Onde isso deixa as perspectivas de um acordo, por mais mínimas que sejam? O secretário do Tesouro dos EUA, Scott Bessent, falando na sala de imprensa da Casa Branca na quinta-feira (horário de Washington), disse que não se adiantaria ao seu chefe nem “previaria o acordo”. Mas ele confirmou que um “acordo multifacetado” estava em andamento.
“Tudo depende do que o presidente quer fazer. O presidente Trump não vai fazer um mau acordo para o povo americano, para os EUA”, disse ele.
As linhas vermelhas de Trump eram claras, acrescentou Bessent. “Nada estará em cima da mesa até vermos o Estreito de Ormuz aberto e os iranianos concordarem que têm de entregar o urânio altamente enriquecido e que não podem ter um programa nuclear.”

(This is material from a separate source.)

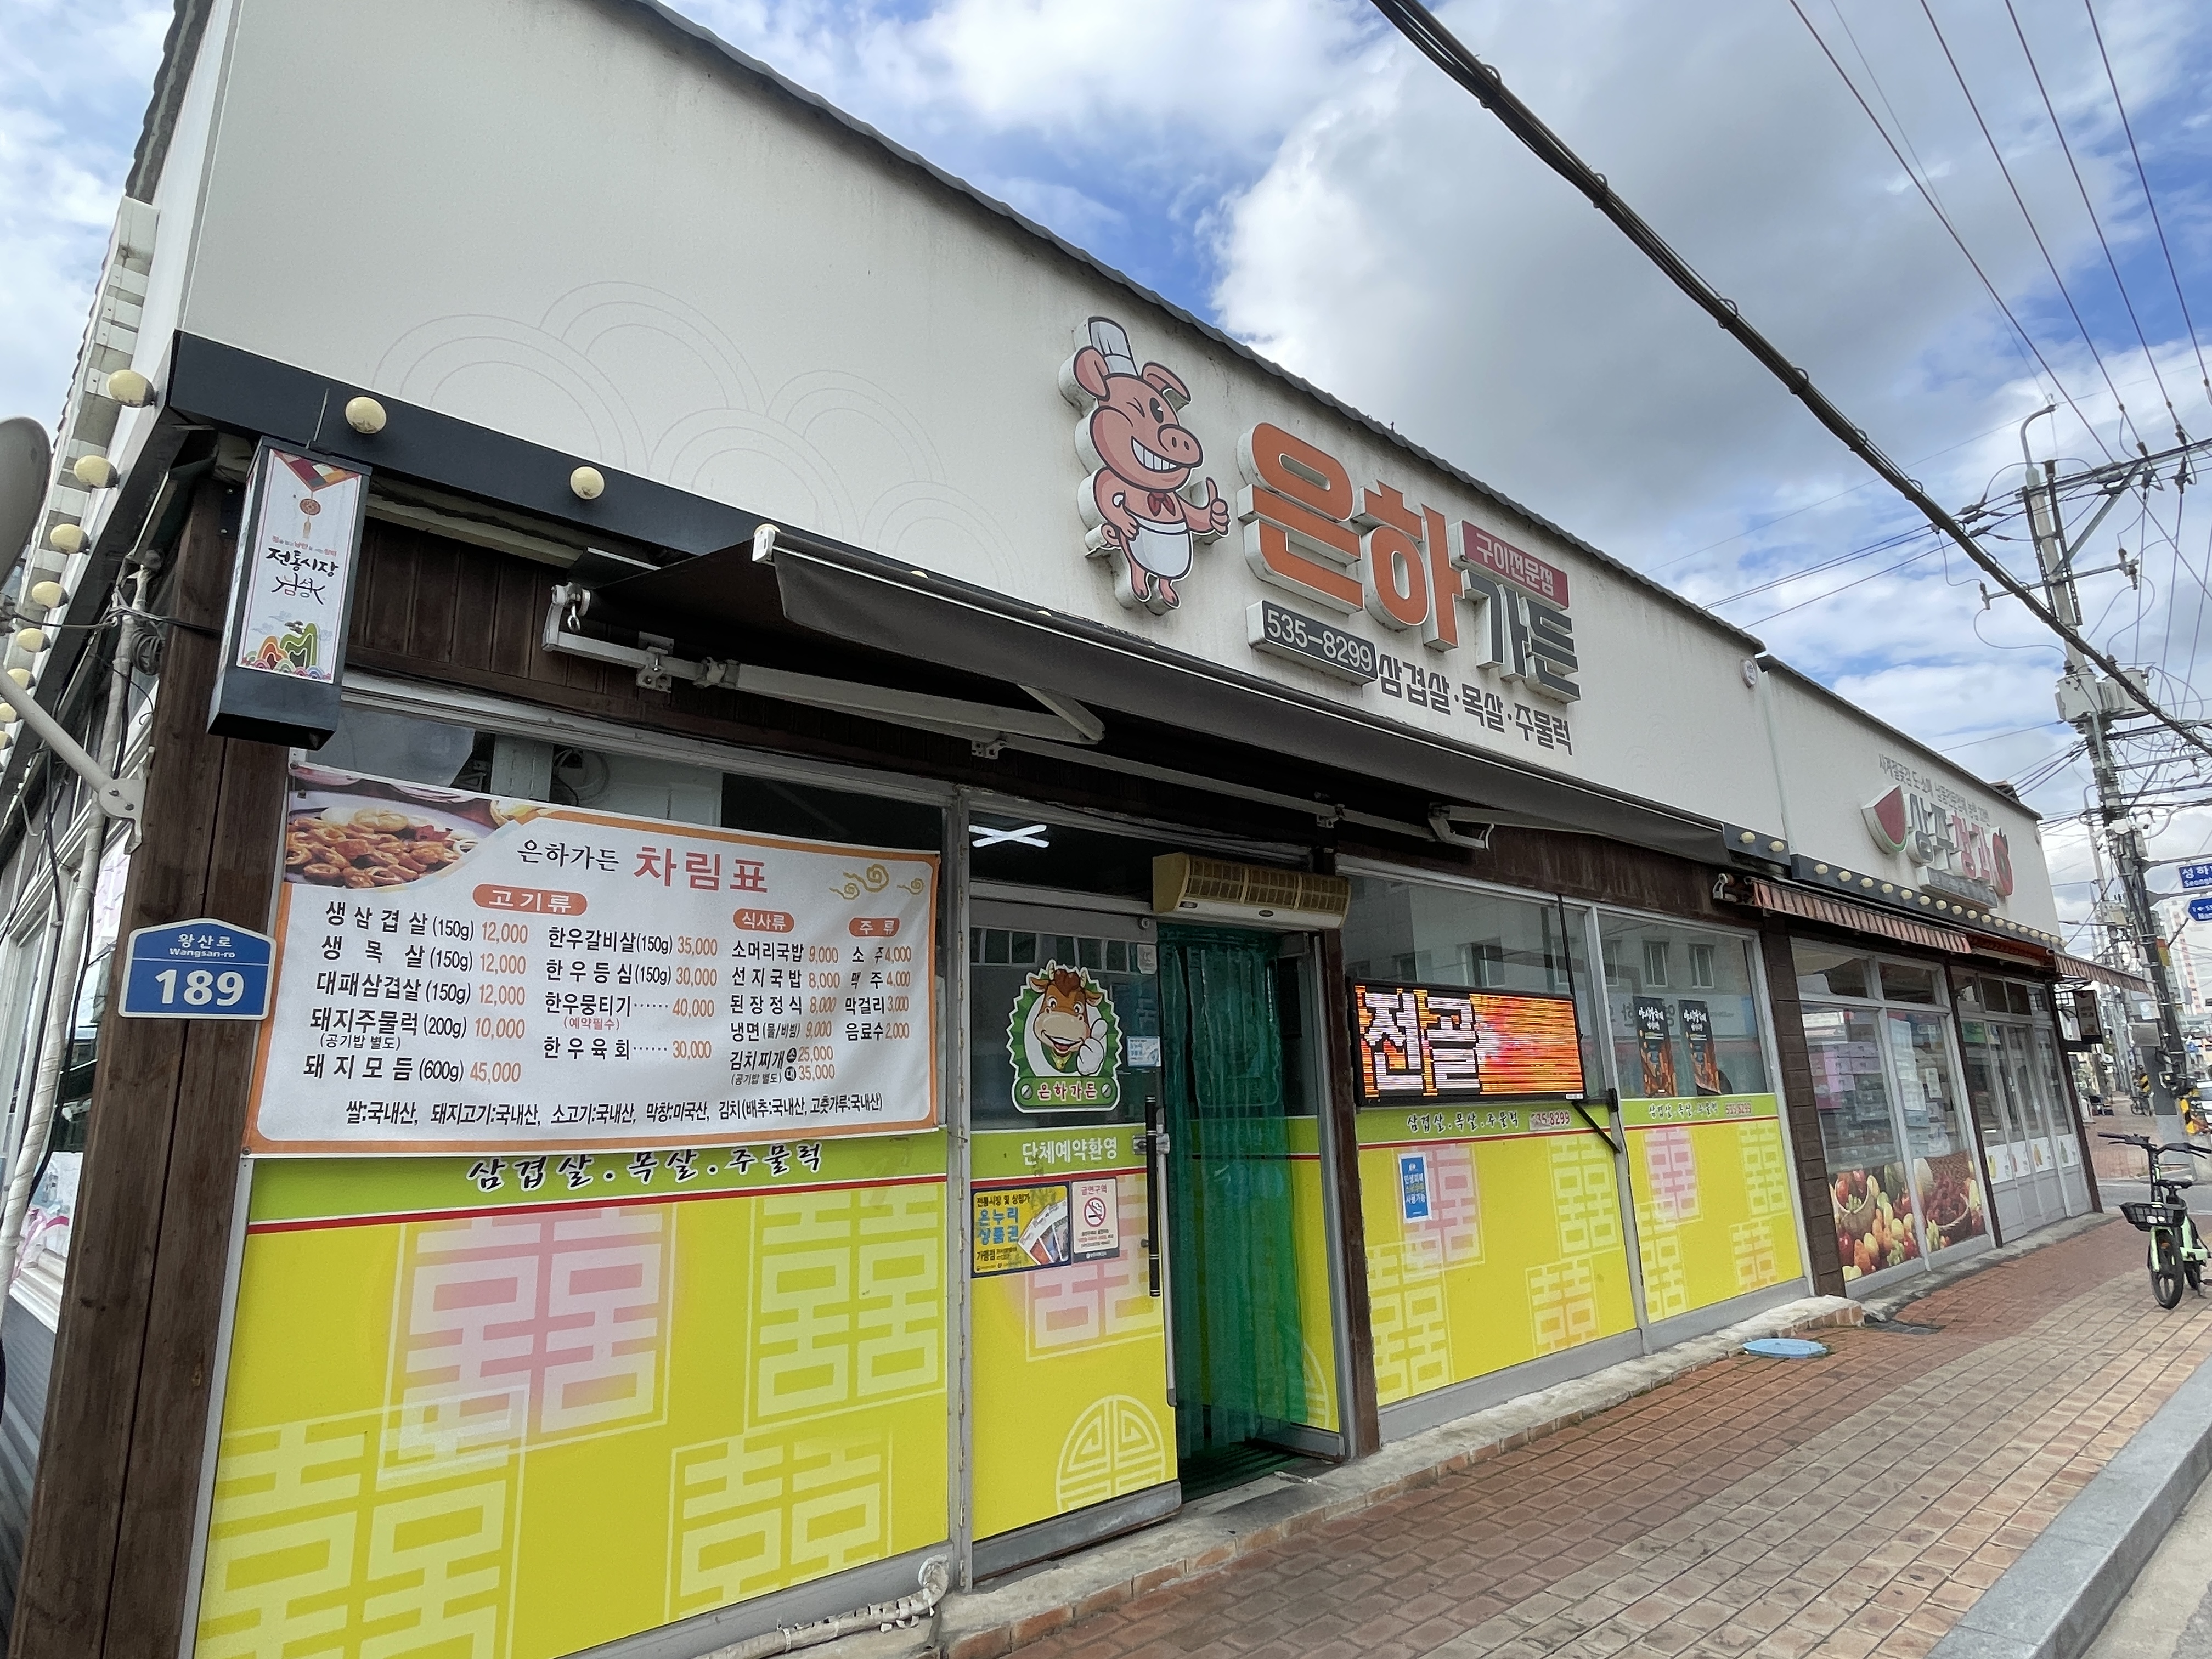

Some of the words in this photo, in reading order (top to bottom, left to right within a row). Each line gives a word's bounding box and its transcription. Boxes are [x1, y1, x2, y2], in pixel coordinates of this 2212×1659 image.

Richard Fontaine, executivo-chefe do Centro para uma Nova Segurança Americana e ex-assessor de política externa do falecido candidato presidencial republicano John McCain, diz que um acordo estreito ainda é o resultado mais provável.
O Irão ficaria “quebrado e militarmente fraco, com procuradores danificados e instalações nucleares destruídas”, mas ainda na posse de armas suficientes para ameaçar o estreito e a infra-estrutura energética regional.
“Seguir-se-ão então negociações longas e possivelmente improdutivas”, disse ele no X. “A guerra fria será retomada. E os EUA e o Irão aguardarão uma nova ronda de combates noutro dia.”